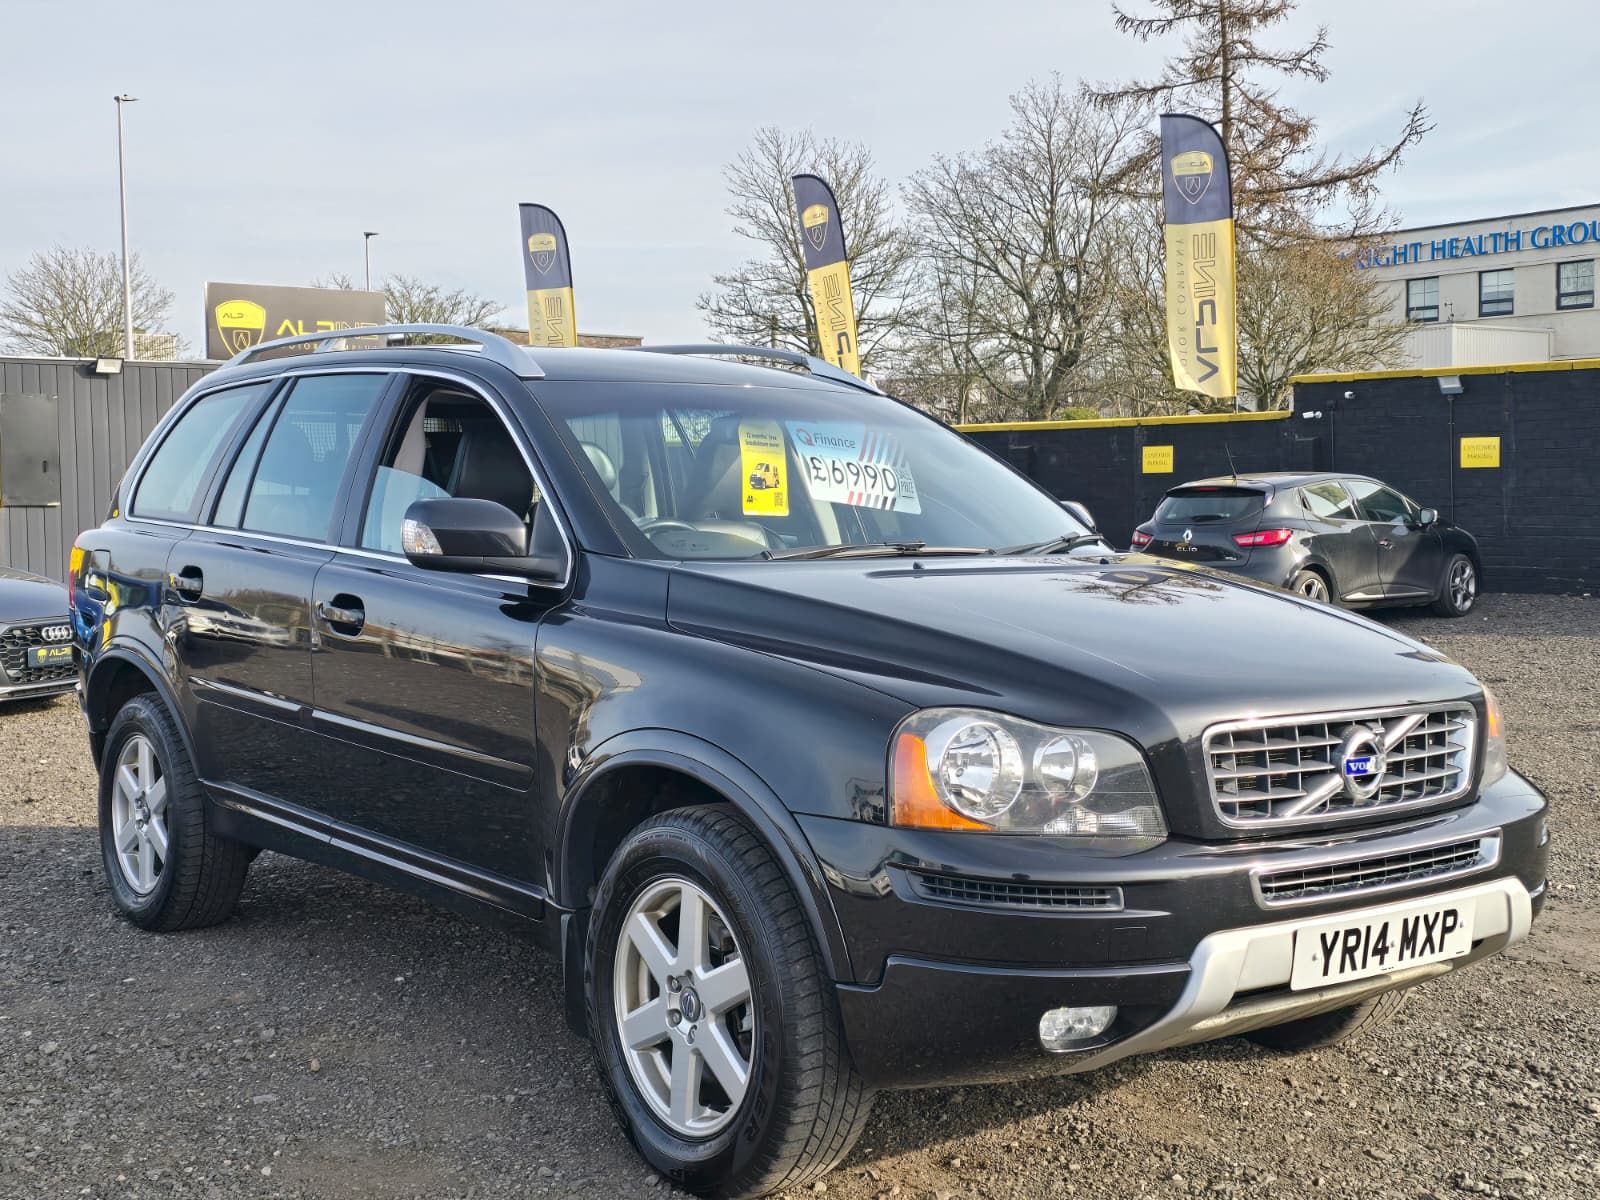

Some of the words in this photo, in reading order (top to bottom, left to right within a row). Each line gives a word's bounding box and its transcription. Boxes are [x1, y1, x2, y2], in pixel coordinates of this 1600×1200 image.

[1431, 230, 1521, 261] HEALTH
[814, 432, 857, 449] Finance
[809, 456, 898, 492] £6990
[1319, 921, 1390, 977] YR14
[1397, 908, 1459, 962] MXP
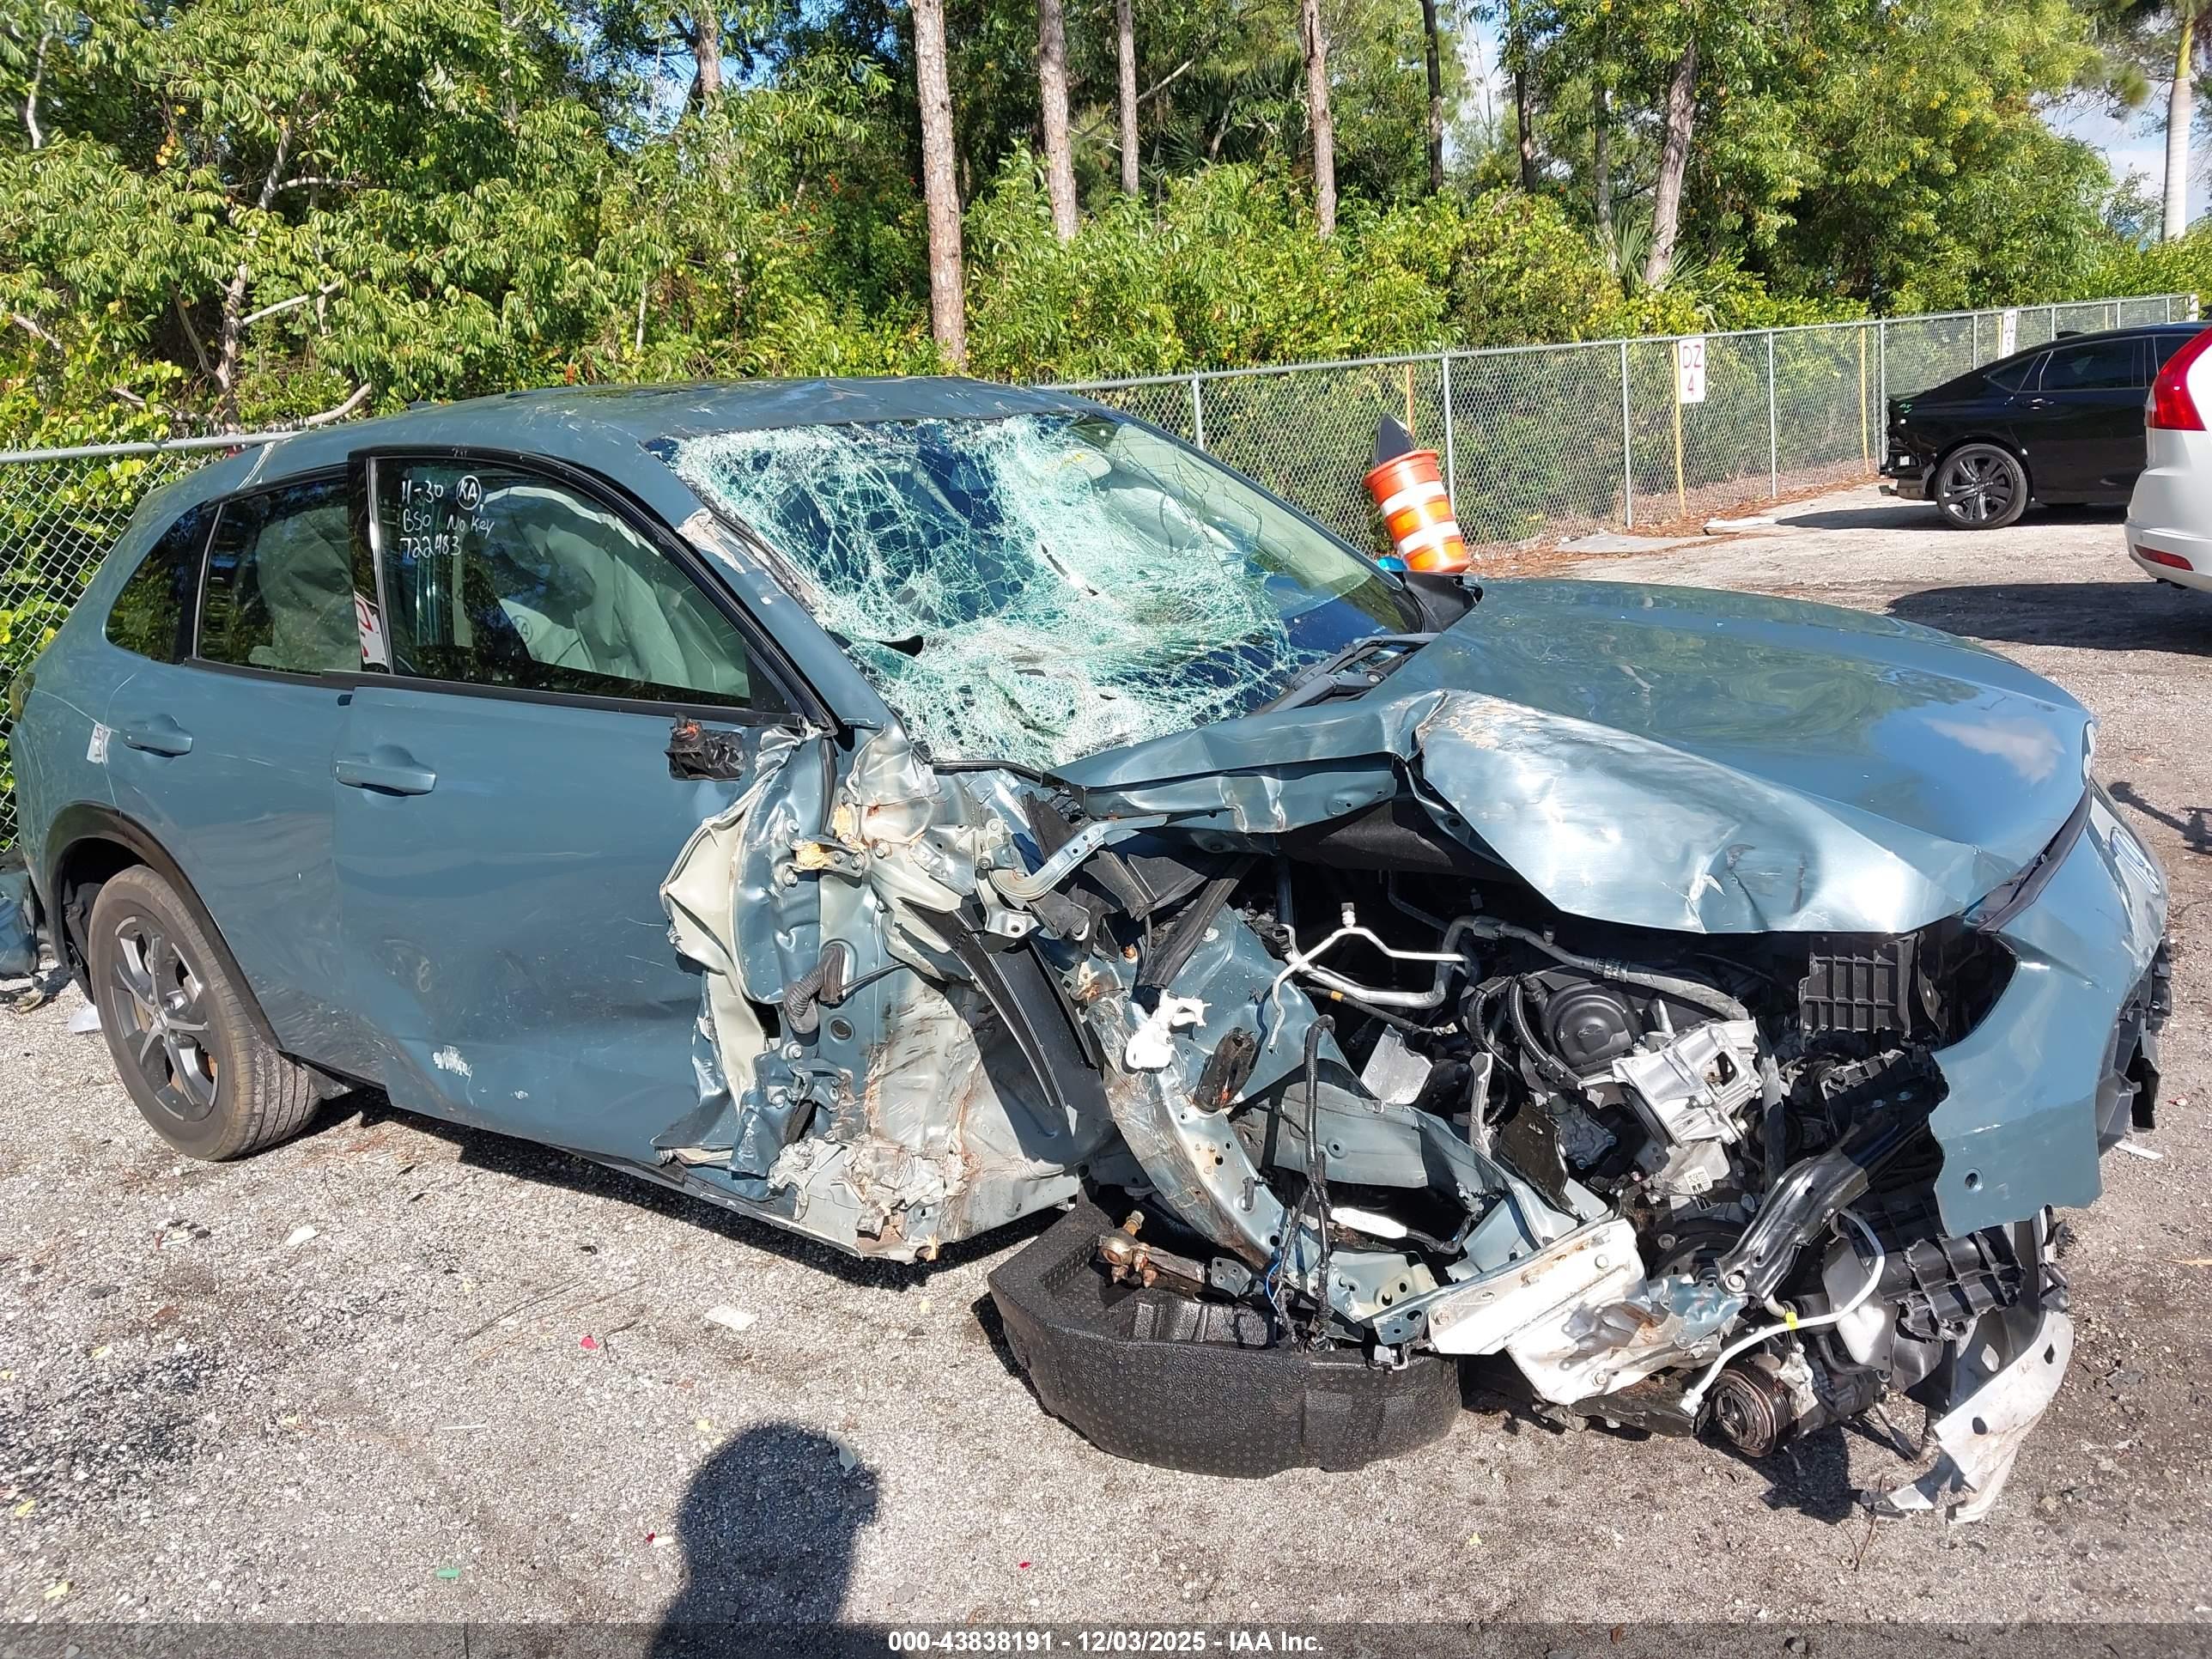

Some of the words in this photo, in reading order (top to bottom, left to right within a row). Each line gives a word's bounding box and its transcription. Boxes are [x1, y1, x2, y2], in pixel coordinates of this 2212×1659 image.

* * * * * * * * *

WHAT YOU ARE ASKED TO DO
Leaving out the pictures, repeat the data above exactly.

EXERCISE OUTPUT
Some of the words in this photo, in reading order (top to bottom, left to right within a row). Each line gives a word's bounding box and its transcription. Boxes are [x1, y1, x2, y2], in pixel coordinates of this 1600×1200 image.

[1431, 230, 1521, 261] HEALTH
[814, 432, 857, 449] Finance
[809, 456, 898, 492] £6990
[1319, 921, 1390, 977] YR14
[1397, 908, 1459, 962] MXP

Some of the words in this photo, in reading order (top to bottom, left to right within a row). Each line gives a word's bounding box and its transcription. Boxes are [x1, y1, x2, y2], in pixel coordinates of this 2212×1659 image.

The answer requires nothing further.